I closed my door to give us more privacy. She didn't need to go over the facts again. The events of March 6 were indelibly etched in her mind's eye. I knew that if I questioned her about them now, it would heighten her state of nervousness, as well as take the emotional edge off the presentation she would make to the jury. Instead, we talked about what I thought the pace of the trial would be and when we might expect to go to verdict.

"Andrew's lawyer?" Paige asked.

"Robelon. Peter Robelon. What about him?"

"Do you have any better sense of what he's going to do to me?"

We had been over this countless times, and Paige didn't like it better than any other witness. When the assailant in a sexual assault case was a stranger, the defense did not have to attack the victim. They could acknowledge that a vicious crime had occurred, and suggest that the woman was tragically mistaken in her identification of the defendant. Poor lighting, little opportunity to see his face clearly, and general hysteria were the traditional arguments against a reliable identification by a rape victim. All of that changed when DNA technology replaced the survivor's visual memory as the means of confirming who her attacker had been.

But it was terribly different when a woman was assaulted by someone known to her-a friend, a coworker, a lover, or an ex-boyfriend. More than 80 percent of sexual assaults occurred between people who knew each other, so identification was not the issue at trial. Yet these victims were far more likely to have their credibility attacked in the courtroom.

Mercer was standing beside his witness, removing the lids on the cardboard coffee containers he had brought for each of us. "It's like Alex has been telling you all along, Paige.

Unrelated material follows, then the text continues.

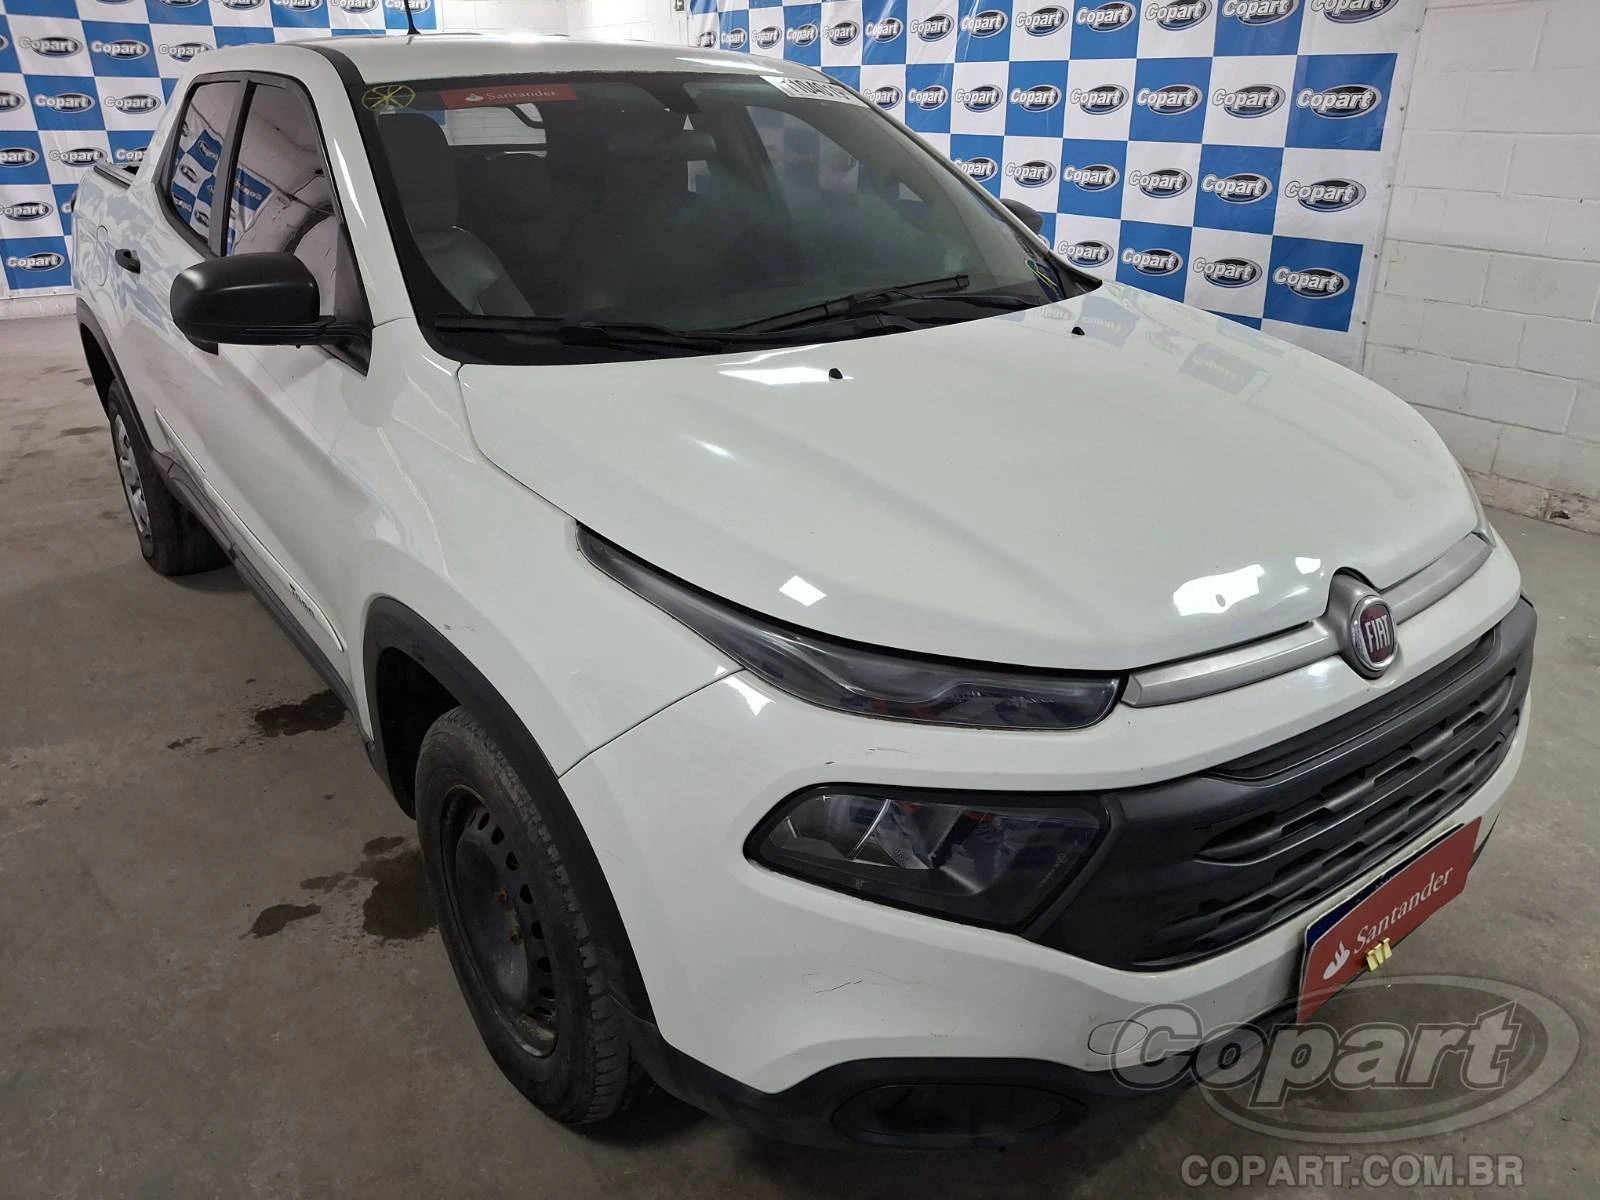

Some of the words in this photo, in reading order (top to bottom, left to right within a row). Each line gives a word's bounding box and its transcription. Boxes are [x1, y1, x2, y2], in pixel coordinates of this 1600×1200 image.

Robelon can only go one way in this case. He can't say it never happened and that you're making this whole thing up. The presence of Tripping's DNA makes that impossible."

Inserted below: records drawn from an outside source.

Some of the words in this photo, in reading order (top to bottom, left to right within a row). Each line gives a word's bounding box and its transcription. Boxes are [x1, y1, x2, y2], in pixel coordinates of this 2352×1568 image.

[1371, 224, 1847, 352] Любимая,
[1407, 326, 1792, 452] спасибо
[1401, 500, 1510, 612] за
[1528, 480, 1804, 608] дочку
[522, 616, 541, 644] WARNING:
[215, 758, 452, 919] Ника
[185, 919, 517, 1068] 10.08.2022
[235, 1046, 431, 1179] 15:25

"So it's that I consented? That I'm lying about this, right?"

I nodded my head.

"Will the jury already know that when I walk into the room and take the stand? I mean, does he just say that when he addresses them the first time?"

"I'm sure he'll plant that seed in their minds," I said. Robelon was a good lawyer and likely to be more subtle than most. I didn't think he would outright accuse Paige Vallis of being a liar. Rather, he would paint the jury a picture in very broad strokes, setting them up to believe that she had been hungry for this relationship, pursuing Andrew Tripping and unhappy when something went wrong during the night in question.

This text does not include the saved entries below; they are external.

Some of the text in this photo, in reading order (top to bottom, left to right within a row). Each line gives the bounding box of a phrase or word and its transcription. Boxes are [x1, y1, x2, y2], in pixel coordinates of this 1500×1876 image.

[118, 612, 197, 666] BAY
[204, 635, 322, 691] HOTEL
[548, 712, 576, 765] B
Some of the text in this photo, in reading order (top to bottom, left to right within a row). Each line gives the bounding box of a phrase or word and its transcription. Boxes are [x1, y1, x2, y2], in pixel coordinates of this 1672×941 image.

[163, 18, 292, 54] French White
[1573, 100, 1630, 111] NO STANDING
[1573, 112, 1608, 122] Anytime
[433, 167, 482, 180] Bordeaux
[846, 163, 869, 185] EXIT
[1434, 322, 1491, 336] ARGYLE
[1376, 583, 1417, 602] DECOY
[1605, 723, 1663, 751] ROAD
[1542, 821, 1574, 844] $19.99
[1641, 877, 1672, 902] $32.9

I hated this moment in the process. I hated being the person who had to deliver the victim into the hands of my adversary, in public view, to tell this story of trust and betrayal to a courtroom full of strangers. In the months since Paige reported the crime, I had struggled with Mercer to gain her confidence, to ask about intimacies that most people never discuss outside of their bedrooms. Now that I had gained that acceptance, I could not give her a victory without first exposing her to public humiliation and dissection.

"Will there be newspaper reporters at the trial?" she asked.

"I don't expect any. So far they haven't expressed interest in the case, and I can't imagine why that would change. Did you end up asking a friend to come with you? Anyone to sit in the courtroom for moral support?"